"""
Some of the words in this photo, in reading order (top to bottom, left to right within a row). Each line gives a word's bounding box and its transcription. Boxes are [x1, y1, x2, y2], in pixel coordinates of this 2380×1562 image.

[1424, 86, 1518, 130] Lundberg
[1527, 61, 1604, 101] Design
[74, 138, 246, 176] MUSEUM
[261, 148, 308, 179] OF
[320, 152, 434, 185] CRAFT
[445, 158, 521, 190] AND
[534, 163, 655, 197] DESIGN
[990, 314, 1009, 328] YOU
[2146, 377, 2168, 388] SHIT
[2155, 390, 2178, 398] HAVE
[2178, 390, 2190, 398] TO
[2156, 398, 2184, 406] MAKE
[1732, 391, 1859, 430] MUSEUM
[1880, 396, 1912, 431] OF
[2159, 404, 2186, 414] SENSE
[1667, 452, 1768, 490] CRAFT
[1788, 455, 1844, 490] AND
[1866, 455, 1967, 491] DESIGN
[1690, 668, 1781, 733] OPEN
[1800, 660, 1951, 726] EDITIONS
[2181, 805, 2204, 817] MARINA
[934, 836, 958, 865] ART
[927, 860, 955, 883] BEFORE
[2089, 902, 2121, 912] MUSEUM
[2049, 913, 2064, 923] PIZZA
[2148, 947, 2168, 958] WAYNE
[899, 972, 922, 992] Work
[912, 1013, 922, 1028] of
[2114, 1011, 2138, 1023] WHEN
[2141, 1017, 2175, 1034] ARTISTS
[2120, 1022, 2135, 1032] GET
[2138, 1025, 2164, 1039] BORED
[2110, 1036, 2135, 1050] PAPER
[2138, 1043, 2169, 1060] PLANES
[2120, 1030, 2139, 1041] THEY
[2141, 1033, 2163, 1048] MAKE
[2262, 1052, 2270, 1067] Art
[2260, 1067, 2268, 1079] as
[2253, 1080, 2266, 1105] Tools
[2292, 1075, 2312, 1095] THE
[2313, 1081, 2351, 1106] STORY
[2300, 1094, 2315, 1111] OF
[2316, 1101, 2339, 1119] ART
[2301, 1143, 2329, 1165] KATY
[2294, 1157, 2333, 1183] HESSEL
"""
* _TASK DESCRIPTION_:
With nothing left out, copy every record exactly.

* _WRITTEN RESPONSE_:
Some of the words in this photo, in reading order (top to bottom, left to right within a row). Each line gives a word's bounding box and its transcription. Boxes are [x1, y1, x2, y2], in pixel coordinates of this 2380×1562 image.

[1424, 86, 1518, 130] Lundberg
[1527, 61, 1604, 101] Design
[74, 138, 246, 176] MUSEUM
[261, 148, 308, 179] OF
[320, 152, 434, 185] CRAFT
[445, 158, 521, 190] AND
[534, 163, 655, 197] DESIGN
[990, 314, 1009, 328] YOU
[2146, 377, 2168, 388] SHIT
[2155, 390, 2178, 398] HAVE
[2178, 390, 2190, 398] TO
[2156, 398, 2184, 406] MAKE
[1732, 391, 1859, 430] MUSEUM
[1880, 396, 1912, 431] OF
[2159, 404, 2186, 414] SENSE
[1667, 452, 1768, 490] CRAFT
[1788, 455, 1844, 490] AND
[1866, 455, 1967, 491] DESIGN
[1690, 668, 1781, 733] OPEN
[1800, 660, 1951, 726] EDITIONS
[2181, 805, 2204, 817] MARINA
[934, 836, 958, 865] ART
[927, 860, 955, 883] BEFORE
[2089, 902, 2121, 912] MUSEUM
[2049, 913, 2064, 923] PIZZA
[2148, 947, 2168, 958] WAYNE
[899, 972, 922, 992] Work
[912, 1013, 922, 1028] of
[2114, 1011, 2138, 1023] WHEN
[2141, 1017, 2175, 1034] ARTISTS
[2120, 1022, 2135, 1032] GET
[2138, 1025, 2164, 1039] BORED
[2110, 1036, 2135, 1050] PAPER
[2138, 1043, 2169, 1060] PLANES
[2120, 1030, 2139, 1041] THEY
[2141, 1033, 2163, 1048] MAKE
[2262, 1052, 2270, 1067] Art
[2260, 1067, 2268, 1079] as
[2253, 1080, 2266, 1105] Tools
[2292, 1075, 2312, 1095] THE
[2313, 1081, 2351, 1106] STORY
[2300, 1094, 2315, 1111] OF
[2316, 1101, 2339, 1119] ART
[2301, 1143, 2329, 1165] KATY
[2294, 1157, 2333, 1183] HESSEL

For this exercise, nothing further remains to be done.